We breathe, sleep, and eat conscious of the perishing millions the Lord commands us to love and rescue. Then I explained how God is reaching the lost not through programs, but through individuals whose lives are so committed to him that he uses them as vessels to anoint a lost world. So we give top priority to how the missionaries and their leaders live.
When we started to support one brother, he lived in two small rooms with concrete floors. He and his wife and four children slept on a mat on the floor. That was four years ago.
On a recent visit to India, I saw him living in the same place, sleeping on the same mat, even though his staff had grown from 30 to 349 workers. He handles hundreds of thousands of dollars to keep this enormous ministry going, yet his lifestyle has not changed. The brothers he has drawn into the ministry are willing to die for Christ's sake, because they have seen their leader sell out to Jesus Christ, as the Apostle Paul did.
In the West, people look to men with power and riches. In Asia, our people look for men like Gandhi, who, to inspire a following, was willing to give up all to become like the least of the poor. Accountability begins with the life of the missionary.
The second criteria we consider, I explained, is the fruitfulness of that life. Our investment of money shows in the results of lives changed and churches established. What greater accountability can we require? When Western missionaries go into two-thirds world countries, they are able to find nationals to follow them.
But these nationals too often get caught up in denominational distinctives. Like produces like. Missionary leaders from denominations who fly into these countries and live in five-star hotels will draw to themselves so-called national leaders who are like themselves.
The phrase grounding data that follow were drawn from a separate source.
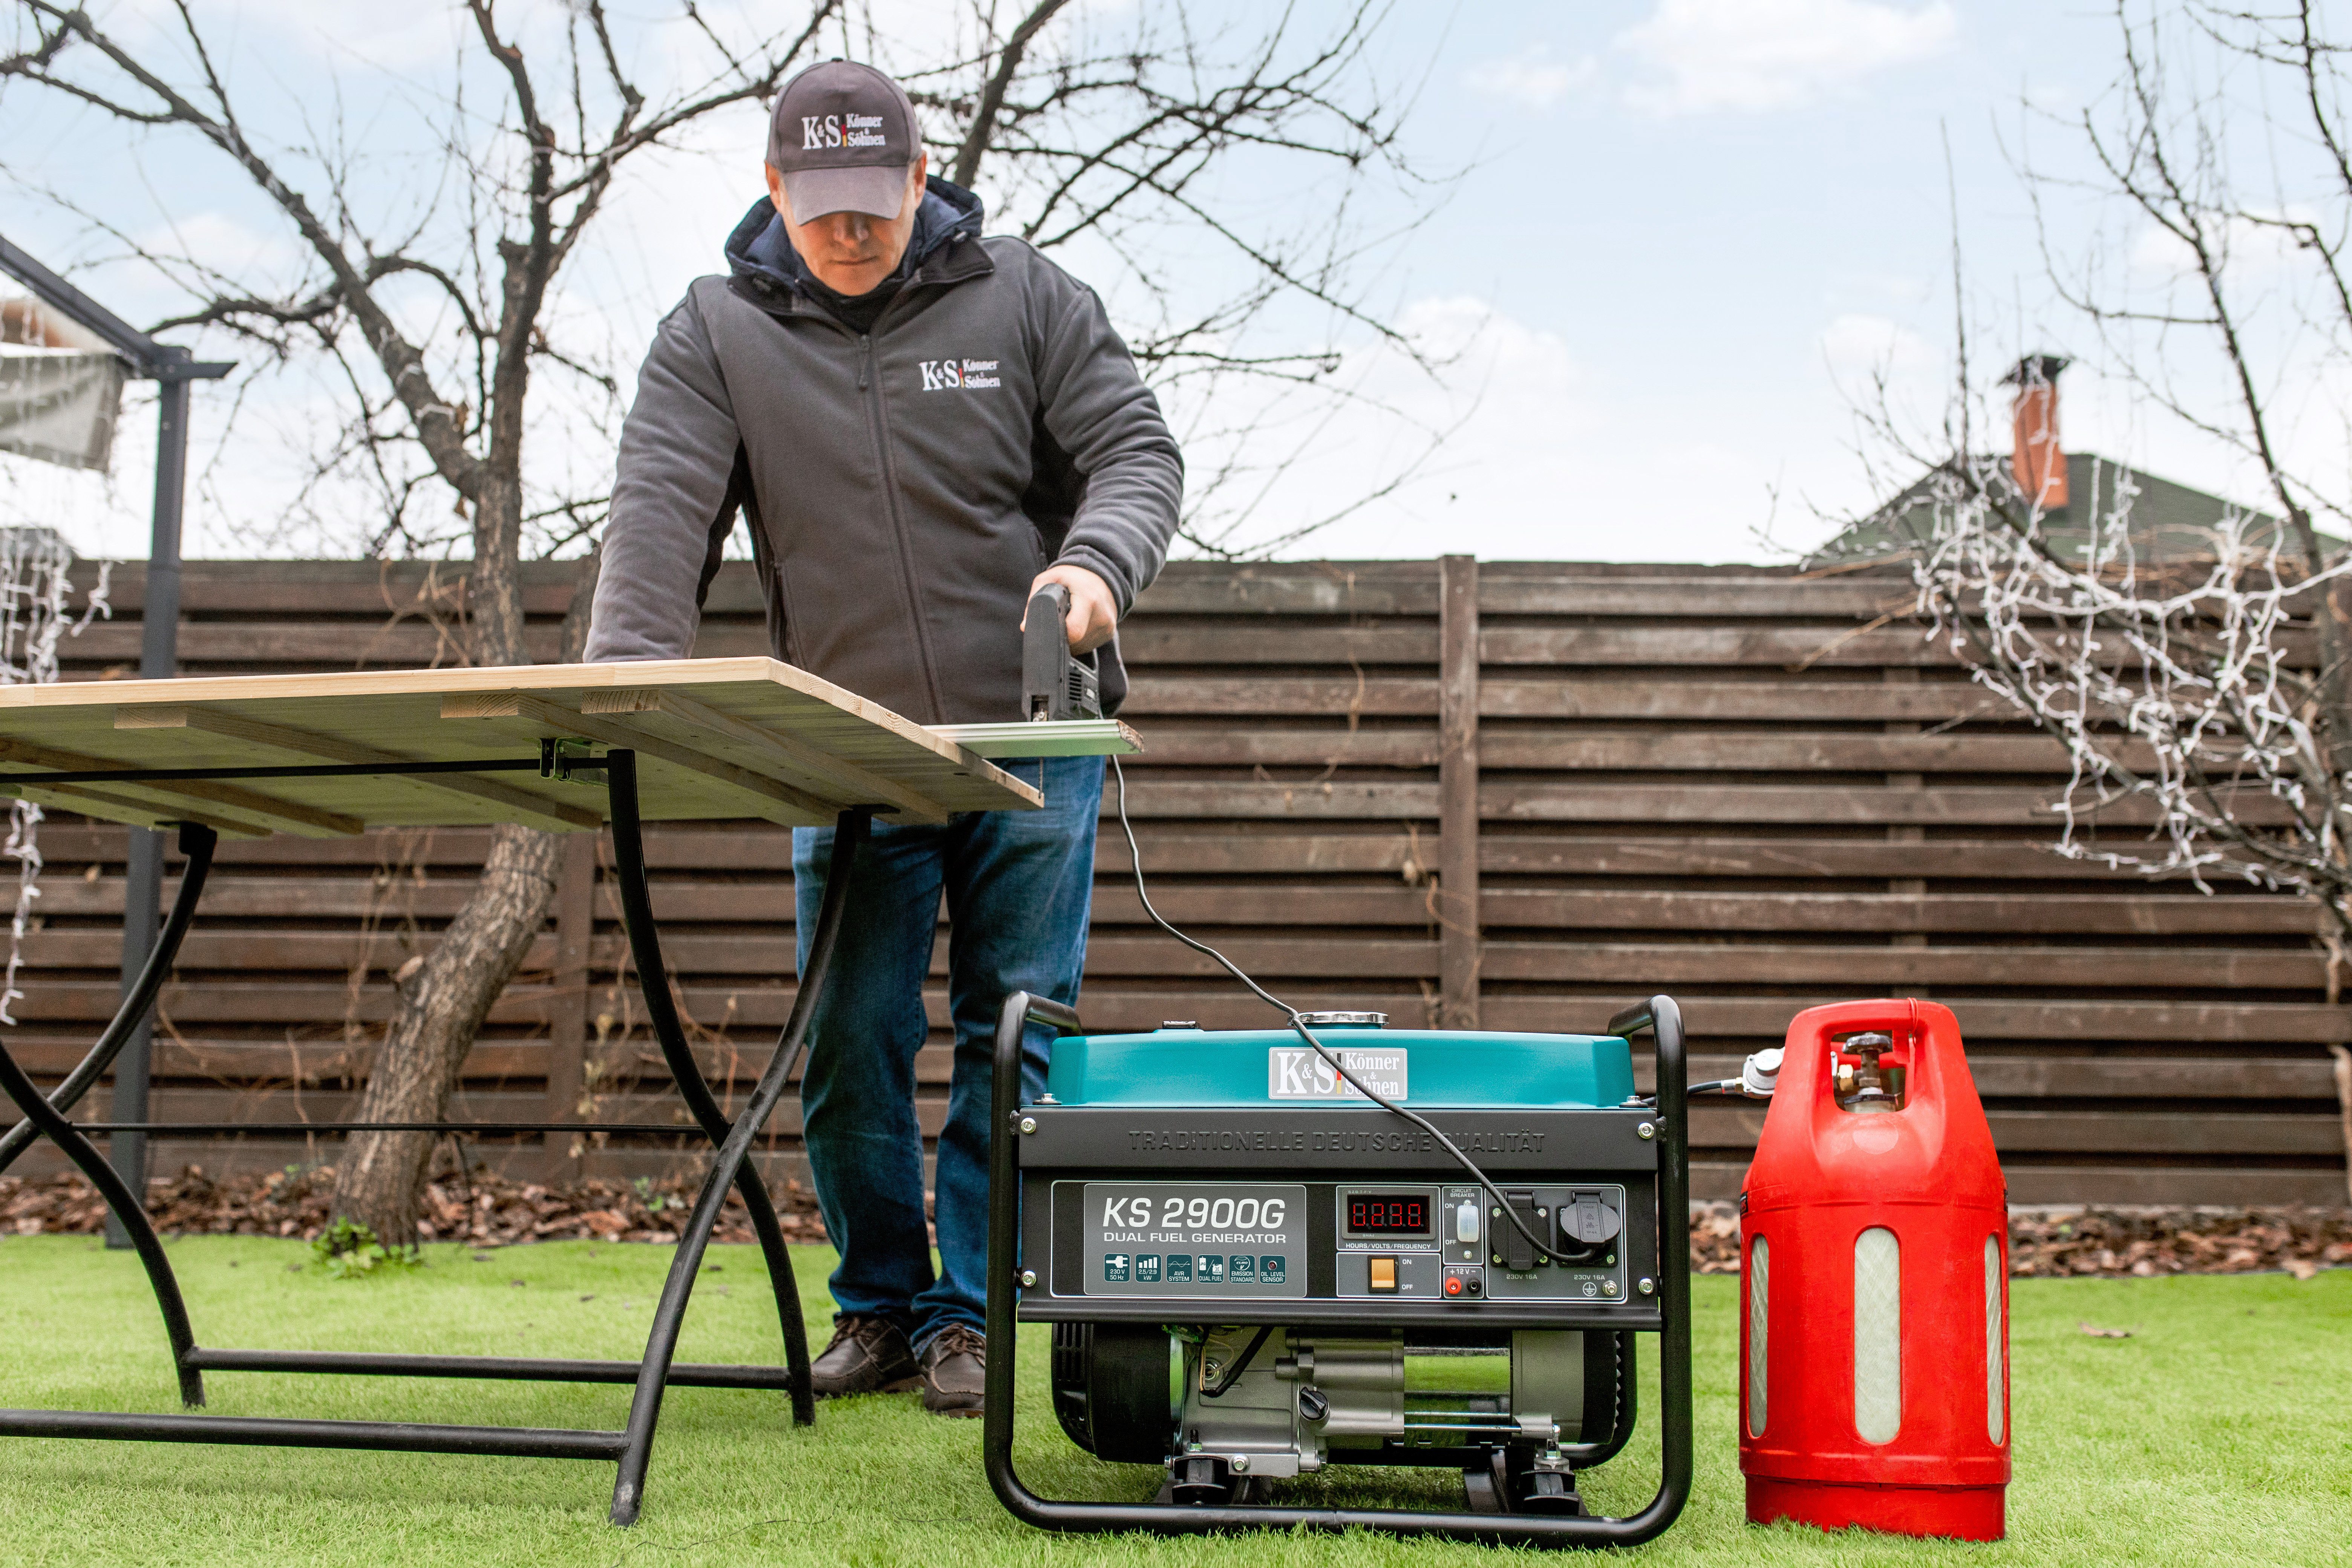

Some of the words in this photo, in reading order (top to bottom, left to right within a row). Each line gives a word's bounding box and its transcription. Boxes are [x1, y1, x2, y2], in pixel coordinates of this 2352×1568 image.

[801, 115, 841, 150] K&S
[919, 359, 960, 391] K&S
[1277, 1052, 1335, 1095] K&S
[1345, 1052, 1400, 1070] Könner
[1129, 1131, 1304, 1151] TRADITIONELLE
[1312, 1132, 1432, 1152] DEUTSCHE
[1102, 1197, 1152, 1228] KS
[1161, 1198, 1286, 1229] 2900G
[1104, 1232, 1146, 1242] DUAL
[1150, 1233, 1187, 1243] FUEL
[1191, 1233, 1286, 1243] GENERATOR
Then, unfortunately, it is the so-called national leaders who are accused of wasting or misusing great amounts of money, while they have often merely followed the example provided by their Western counterparts. Again, I address the Chairman. Have you studied the lives and ministries of the American missionaries you support? I believe you will find that very few of them are directly involved in preaching Christ, but are doing some sort of social work.
If you apply the biblical principles I have outlined, I doubt you would support more than a handful of them. Then I turned and asked the committee members to assess themselves. If your life is not totally committed to Christ, you are not qualified to be on this committee.
That means you cannot use your time, your talents, or your money the way you want. If you do and still think you can help direct God's people to reach a lost world, you mock God Himself. You have to evaluate how you spend every dollar and everything else you do in light of eternity.
The way each one of you lives is where we began our crusade to reach the lost of this world. I was gratified to see the Lord spoke to many of them. There were tears and a feeling of Christ's awareness among us.
This had been a painful time for me. I was glad when it was over. But I needed to be faithful to God's call on my life, to share the vision of Asia's lost souls with the affluent Western Christian brothers and sisters who have it in their power to help.
I was glad to see the Lord spoke to many of them.